• _Stored dataset items_:
━━━━━━━━━━
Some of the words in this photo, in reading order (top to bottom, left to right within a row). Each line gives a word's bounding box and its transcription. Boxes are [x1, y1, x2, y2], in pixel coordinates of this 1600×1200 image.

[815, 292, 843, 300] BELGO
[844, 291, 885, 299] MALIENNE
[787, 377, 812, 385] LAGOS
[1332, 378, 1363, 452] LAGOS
━━━━━━━━━━
• _Problem description_: Return every entry verbatim.

• _Task result_:
Some of the words in this photo, in reading order (top to bottom, left to right within a row). Each line gives a word's bounding box and its transcription. Boxes are [x1, y1, x2, y2], in pixel coordinates of this 1600×1200 image.

[815, 292, 843, 300] BELGO
[844, 291, 885, 299] MALIENNE
[787, 377, 812, 385] LAGOS
[1332, 378, 1363, 452] LAGOS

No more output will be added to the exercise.